If the protein had been involved in synthesis only, typically the 42/37 plot would have
shown burst synthesis, and not a lag period. Presynthesis complexes would have formed
normally during the 42 incubation, and then synthesis at 37 would have proceeded
normally. Again, there are alternative explanations which are formally possible. If the
nature of the mutation caused your protein to be immediately degraded (or permanently
misfold) at the restrictive temp, the lag phase seen on the 42/37 plot could be attributed
to a period of time needed to synthesis new, functional protein.
Luckily, a friendly postdoc in your lab already has purified the various components
of the replication fork from a wildtype strain of E.coli.

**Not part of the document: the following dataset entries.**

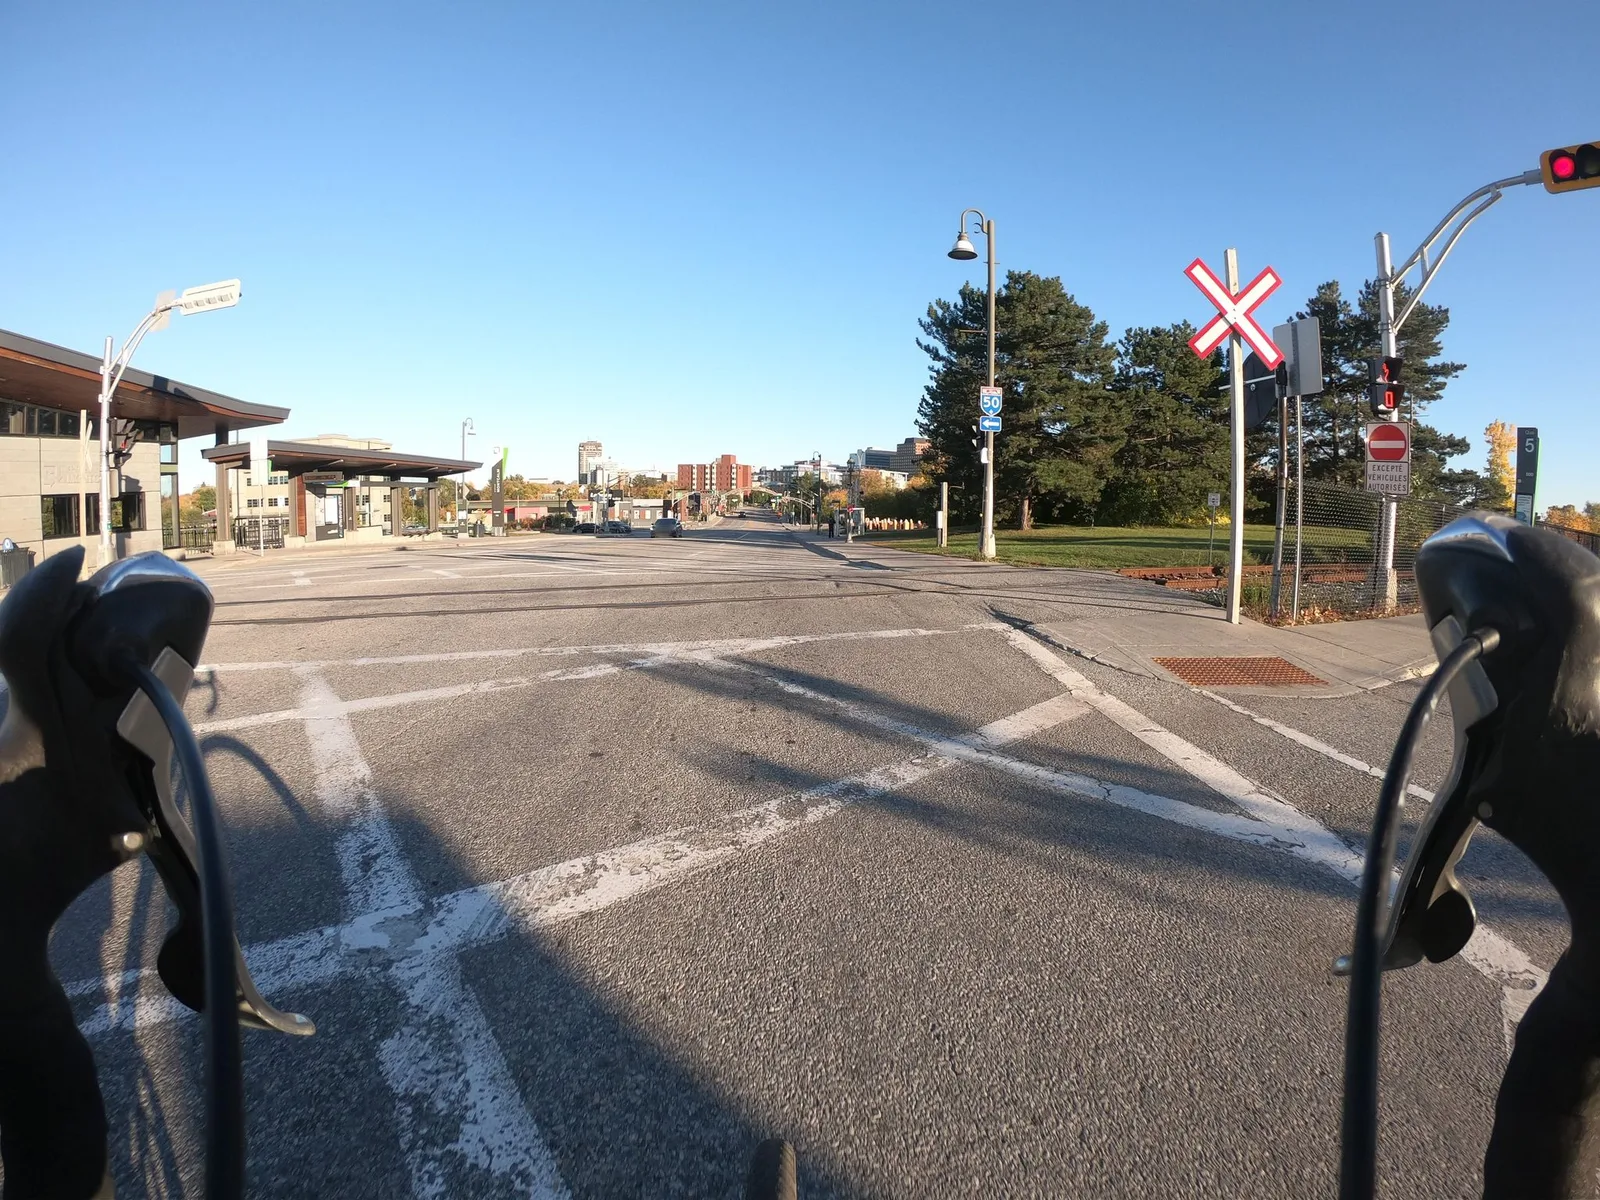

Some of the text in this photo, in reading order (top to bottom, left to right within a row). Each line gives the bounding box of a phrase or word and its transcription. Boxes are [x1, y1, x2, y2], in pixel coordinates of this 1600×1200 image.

[983, 397, 1000, 408] 50
[1525, 438, 1535, 453] 5
[1372, 464, 1403, 472] EXCEPTÉ
[1368, 472, 1407, 482] VÉHICULES
[1368, 482, 1407, 492] AUTORISÉS

3.2a (4 points) What does “95% pure” mean in terms of your purified components? How
do you assay for protein purity?
To say that your helicase is 95% pure means that 95% of the total protein content of your
sample is the desired protein (helicase) and 5% is contamination. This is a physical
measure of relative protein abundance, NOT activity. There is no standard for 100%
activity for any enzyme – your 5% of protein ‘contamination’ could be responsible for all
of the activity you see in a fraction. Instead, you look for the presence of a protein to
consistently and tightly co-fractionate with the activity throughout purification (so the
protein should become a higher percentage of the fraction as the activity increases during
purification). The standard way to measure purity is to run your fraction out on an SDSPAGE gel and stain with Coomassie or silver stain and then using densitometry (or
eyeballing) the relative amount of your protein in the sample. If it is a monomer, or has
identical subunits, your protein of interest should be a single, major band which
constitutes 95% of the protein in the lane. In actuality, you’d like any ‘contaminating’

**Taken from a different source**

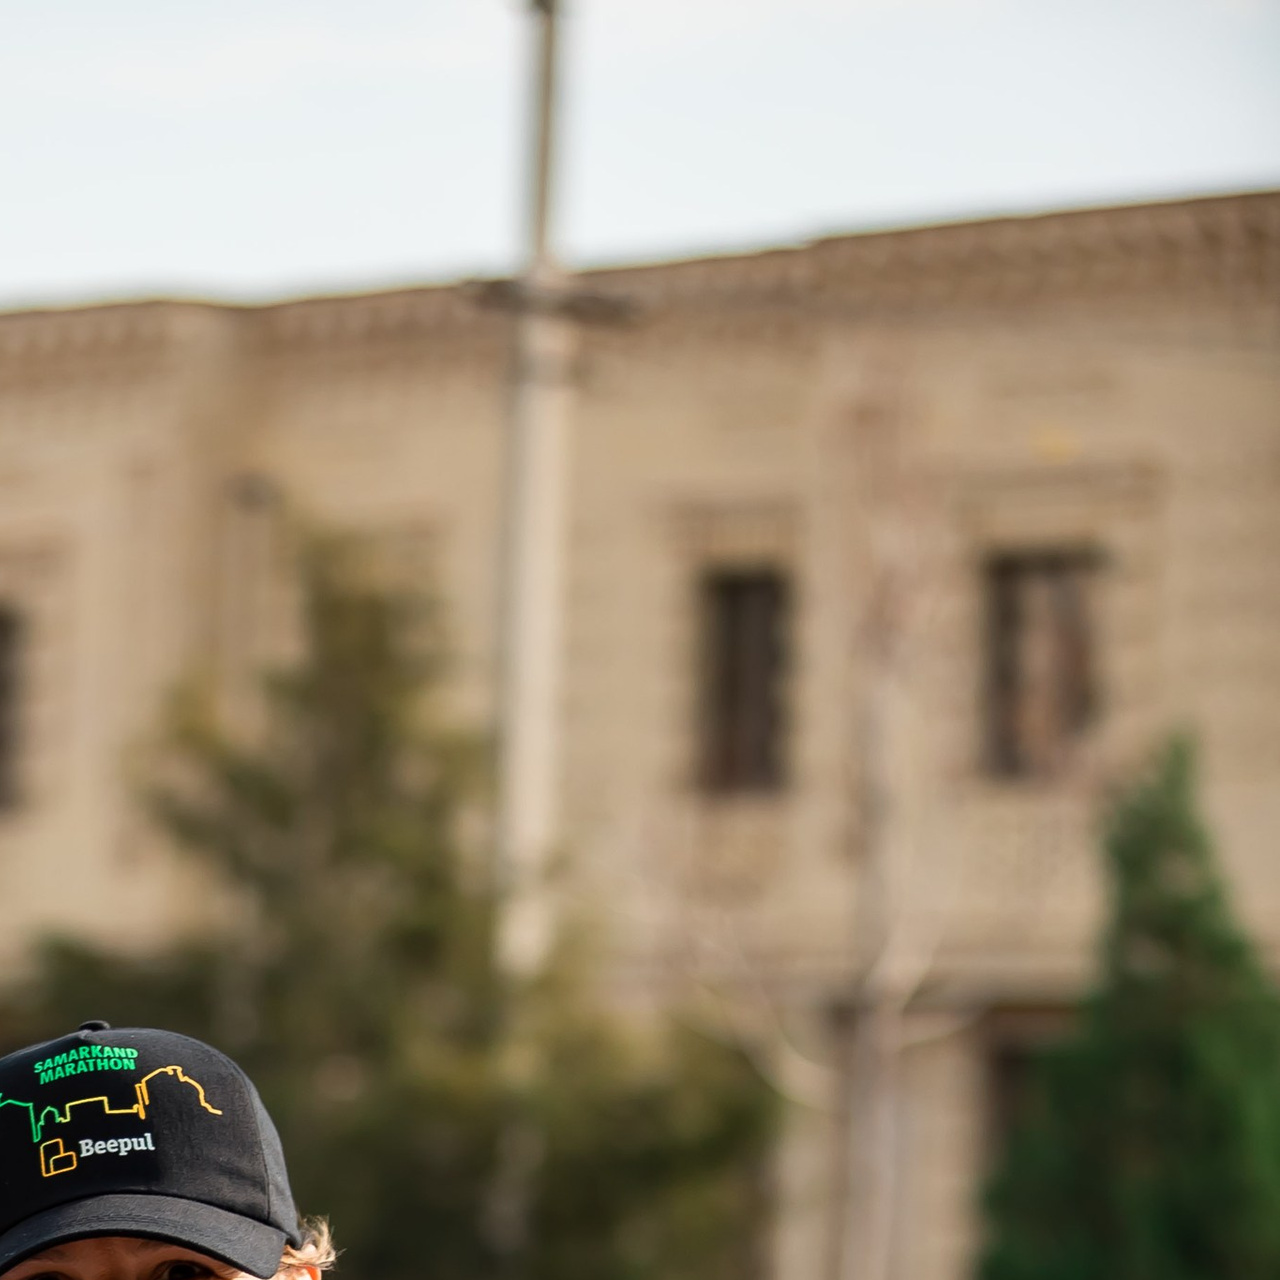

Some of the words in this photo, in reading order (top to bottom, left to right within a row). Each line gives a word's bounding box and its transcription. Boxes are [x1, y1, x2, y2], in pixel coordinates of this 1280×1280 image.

[34, 1045, 138, 1073] SAMARKAND
[40, 1058, 136, 1085] MARATHON
[79, 1133, 156, 1158] Beepul
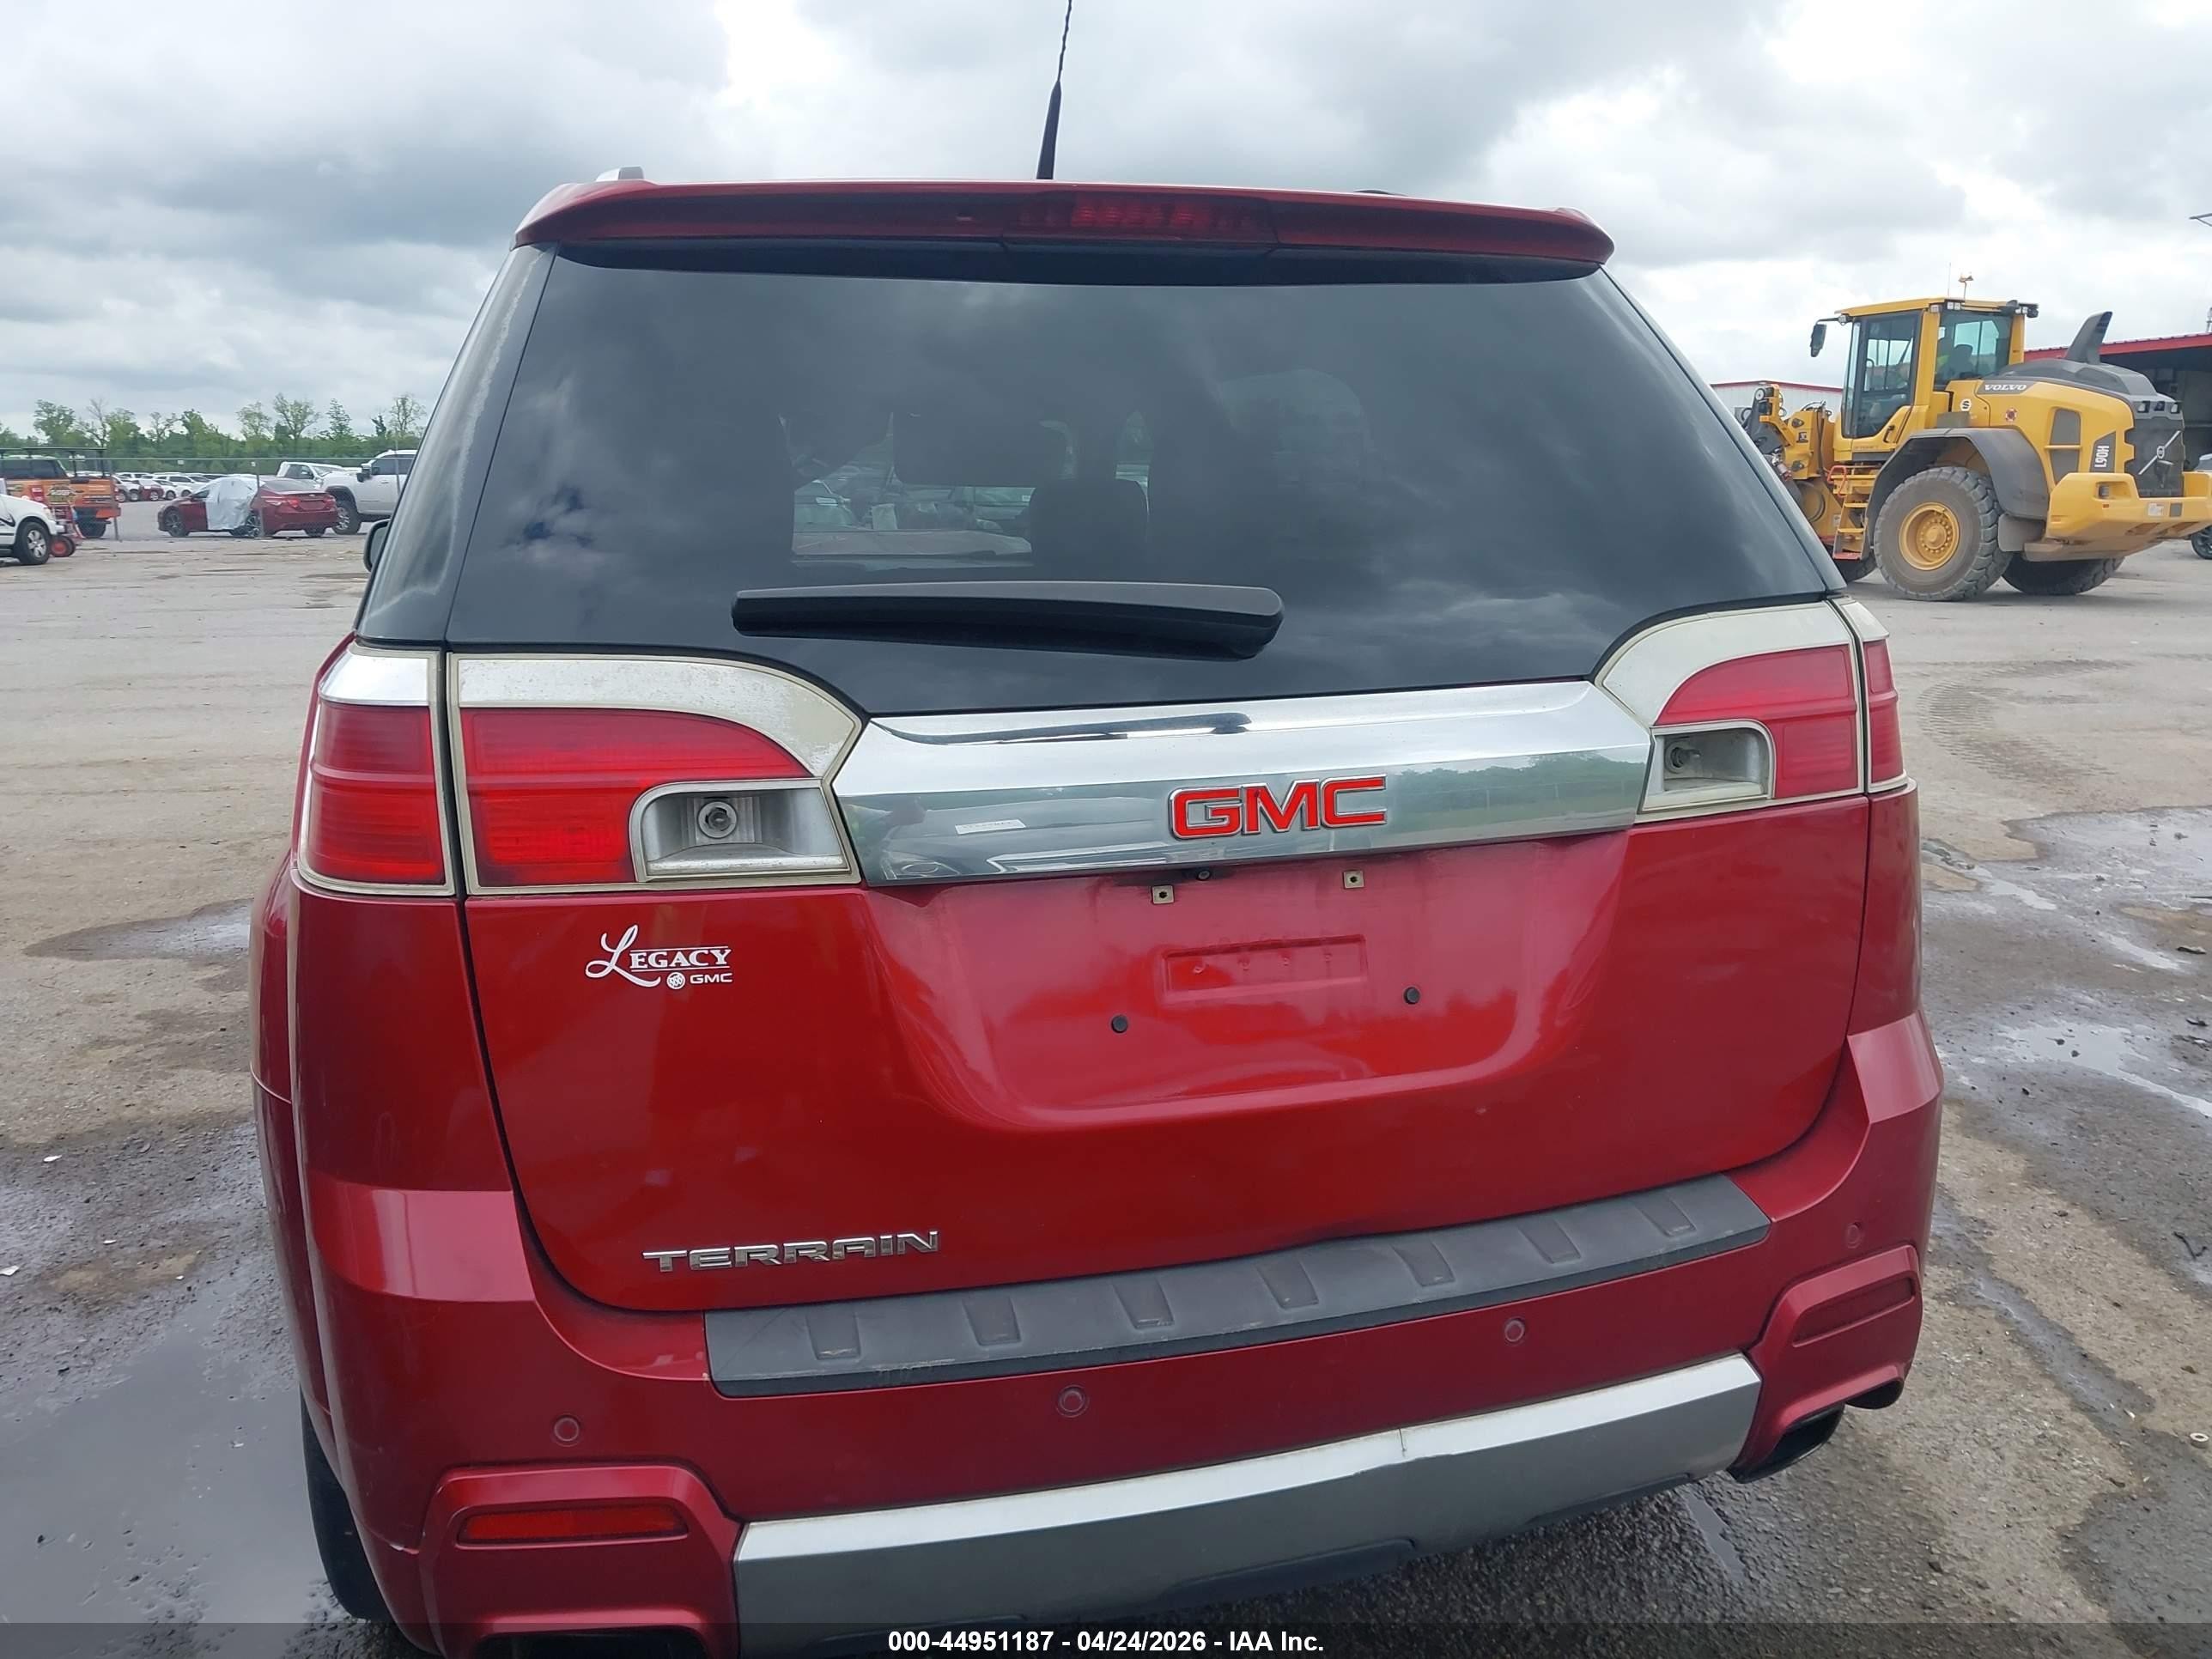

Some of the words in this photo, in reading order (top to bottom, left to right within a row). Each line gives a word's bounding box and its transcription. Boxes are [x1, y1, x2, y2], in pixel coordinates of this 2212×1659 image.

protein to constitute less than 1% of the protein visible in the gel, b/c you have to assume
that there are proteins in the gel that stained below the limit of detection. Also, keep in
mind that SDS-PAGE gels will disassociate any multi-subunit proteins, and interpretation
of ‘purity’ may be complicated if the proteins is made up of subunits of different sizes.
Some people also mentioned using mass spec, which also works J
3.2b. (3 points) How would you use these purified components to determine in vitro
which replication fork machinery is defective in your mutant?
In vitro complementation assay: You have a crude protein extract from your ts mutant,
which is unable to produce DNA in your in vitro assay. Adding one purified, wt
component at a time (and later in combination), you see if your crude+protein X mix can
now synthesize DNA at the restrictive temperature (42C). If you get replication, protein
X is the wt version of the protein mutated in your ts mutant. [don’t need details on
replication assay here]
3.2c (10 points) Design an assay to detect replication in vitro. What are the expected
results of this assay if replication does/does not occur?
To assay DNA polymerase activity, monitor the incorporation of radioactive dNTPs into
a polymer. For our purposes, you’d most likely be assaying replication in a crude
protein extract from E. coli, but the assay would also work on purified proteins as long as
you include all the necessary cofactors. The template is circular, unnicked dsDNA –
ssDNA will not test helicase function unless the rxn continues into rolling-circle
replication (you’d need to detect your product on a gel to determine if it’s longer than the
size of the circular DNA you added). You can assay for incorporation of the
radiolabelled dNTPs using acid pptn of the DNA and filter binding. Detection (by
scintillation counter) of hot dNTPs on the filter indicates the nucleotides were
incorporated into DNA polymers (and synthesis occurred). If synthesis doesn’t occur, all
radioactivity will be found in the waste. Alternatively, you can run your rxn out on a gel
and use autoradiography to detect bands of DNA – which would run at the size of your
original template if you used a dsDNA circle.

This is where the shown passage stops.